Monique Molière lue…par Marie-Jo Cardineau

L’ombre pourpre du monde

de Monique Molière

Un livre lu par Marie-Jo Cardineau

Le livre commence en 1937 au moment où le front populaire est pris en tenaille entre les mouvements d’extrême droite de l’Action française et  l’idéologie de Charles Maurras. L’Espagne est à feu et à sang. Les alliances, les pactes  de non intervention se font et se défont et Hitler est au pouvoir depuis 1933 dans la plus stricte légitimité. Le III Reich installe tranquillement sa politique mortifère. Une période très trouble et anxiogène pour la communauté internationale.

ombrepourpreup.jpgC’est le destin des frères Ascher, Juan et Daniel, juifs d’origine polonaise que décrit Monique Molière. Chacun d’entre eux s’engage à sa manière dans l’action et la résistance. En Espagne où le sort de Juan sera définitivement scellé, quant à celui de Daniel, il le conduira à travers toute l’Europe en guerre.
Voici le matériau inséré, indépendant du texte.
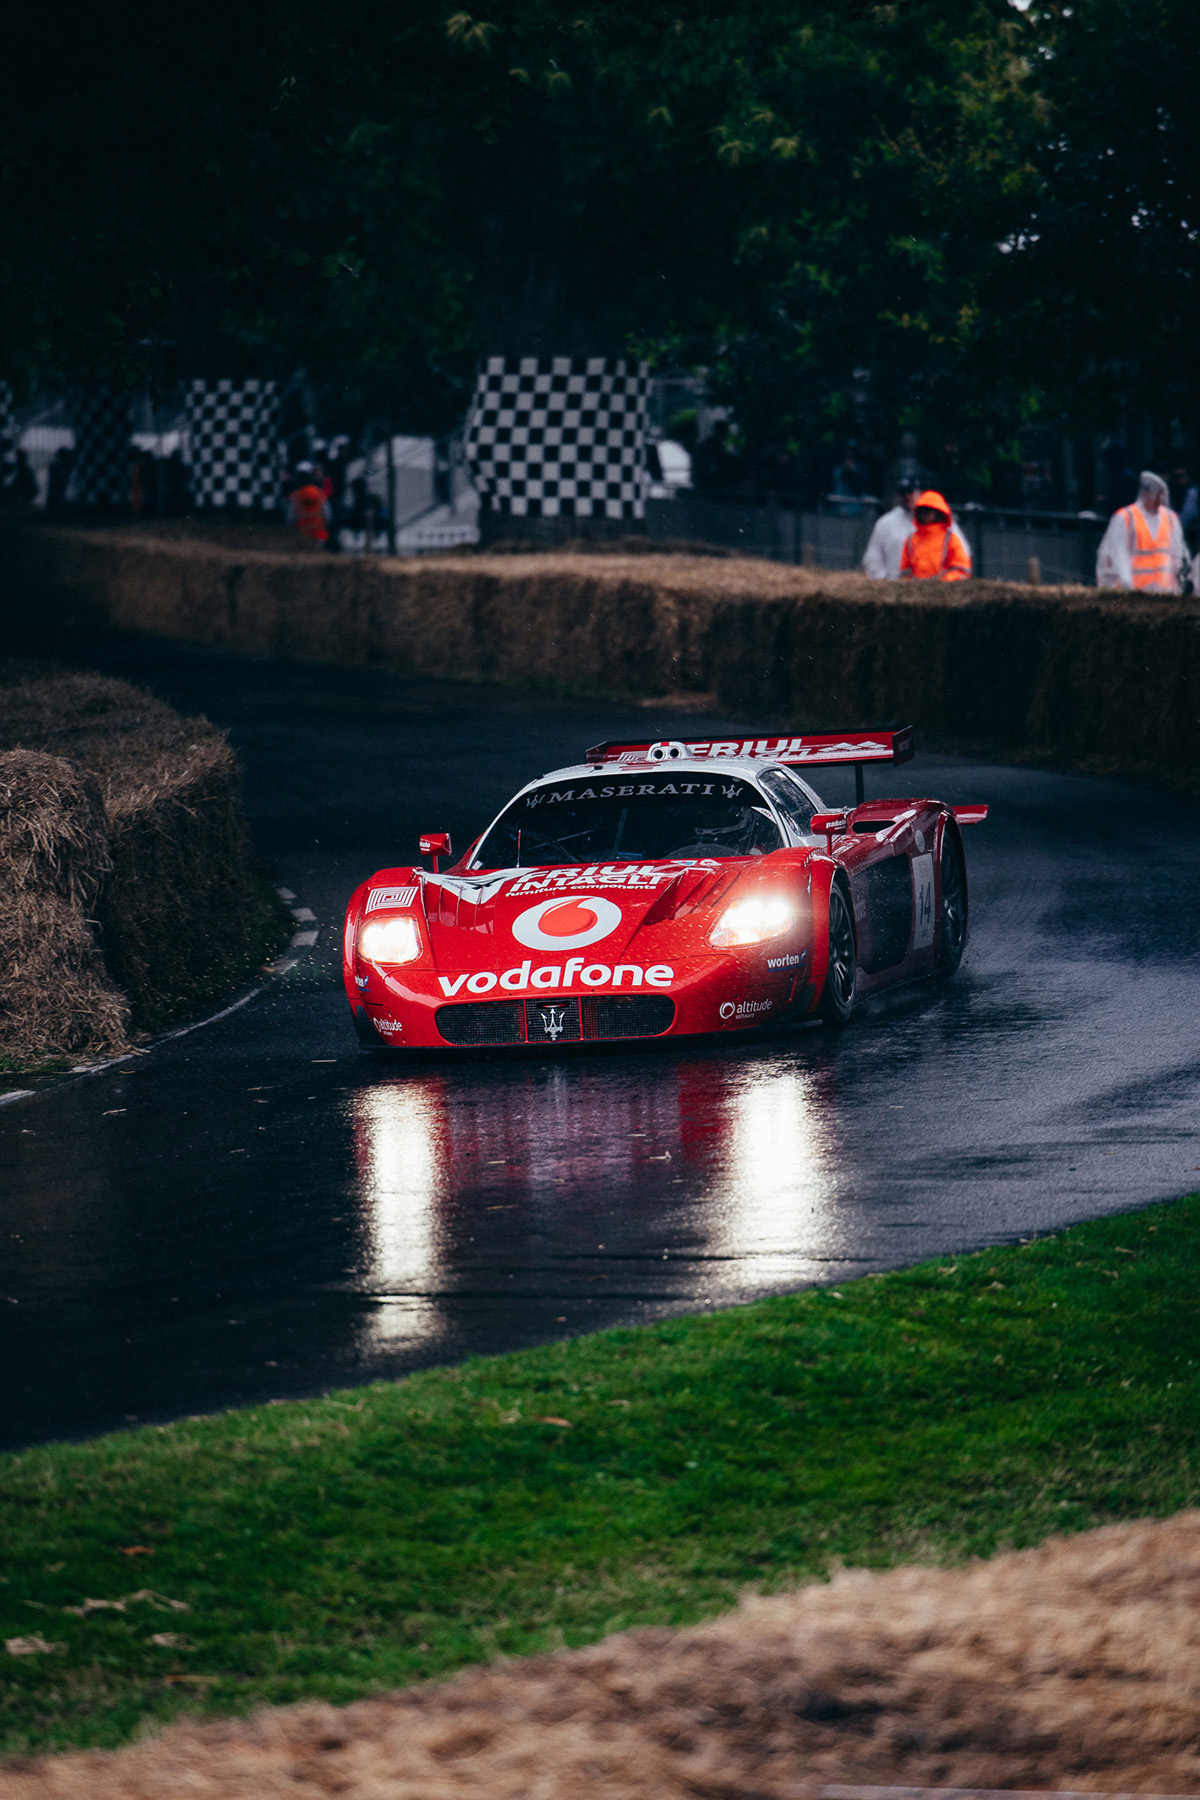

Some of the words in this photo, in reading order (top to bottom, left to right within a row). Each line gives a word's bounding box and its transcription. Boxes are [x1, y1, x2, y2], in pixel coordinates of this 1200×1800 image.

[546, 784, 715, 804] MASERATI
[517, 865, 665, 883] FRIUL
[505, 886, 567, 897] furniture
[918, 881, 931, 925] 14
[767, 953, 799, 969] worten
[438, 957, 674, 997] vodafone
[736, 999, 772, 1014] altitude
Jacob  médecin installé à Paris est un sage, un humaniste qui adoptera avec son épouse Esther le petit Tristan, enfant né de l’union d’une jeune anglaise décédée et d’un allemand.
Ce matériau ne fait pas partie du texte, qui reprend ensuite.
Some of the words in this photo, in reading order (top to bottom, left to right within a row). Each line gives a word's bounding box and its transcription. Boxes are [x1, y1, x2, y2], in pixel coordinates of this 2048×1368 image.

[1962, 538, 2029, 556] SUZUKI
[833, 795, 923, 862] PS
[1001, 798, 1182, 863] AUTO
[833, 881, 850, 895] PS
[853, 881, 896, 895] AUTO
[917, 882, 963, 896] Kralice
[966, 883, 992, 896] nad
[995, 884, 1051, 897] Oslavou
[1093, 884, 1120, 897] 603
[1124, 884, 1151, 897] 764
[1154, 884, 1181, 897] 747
C’est avec une écriture « scénarique » où les dialogues sont vifs et incisifs que Monique Molière construit la toile de fond de son roman et met en scène ses personnages. Hormis Jacob, Esther et Tristan héroïques, parce que loyaux et fidèles à leurs convictions et à leurs origines, la plupart des protagonistes oscillent entre trahison, mensonge et double jeu.

Chacun utilise des chemins tortueux pour sauver sa peau et les idéologies étouffent la liberté et la responsabilité des hommes. Toutes les revanches et tous les coups bas sont permis. Les guerres distribuent largement des permis de tuer en toute légalité.

Monique Molière montre bien la soumission des hommes à leurs instincts les plus bas quand la subtilité des sentiments et des émotions n’a plus droit de cité et que l’humanité est ravalée à la bestialité.

Des images fortes, des dialogues musclés, crus et virils pour montrer que le pire ennemi est en soi. C’est, cependant, un hymne à la vie, à l’amour, à l’humanité, qui conclut le roman. A lire en se laissant porter par les images, que Monique Molière dessine avec jubilation, comme on regarde un film.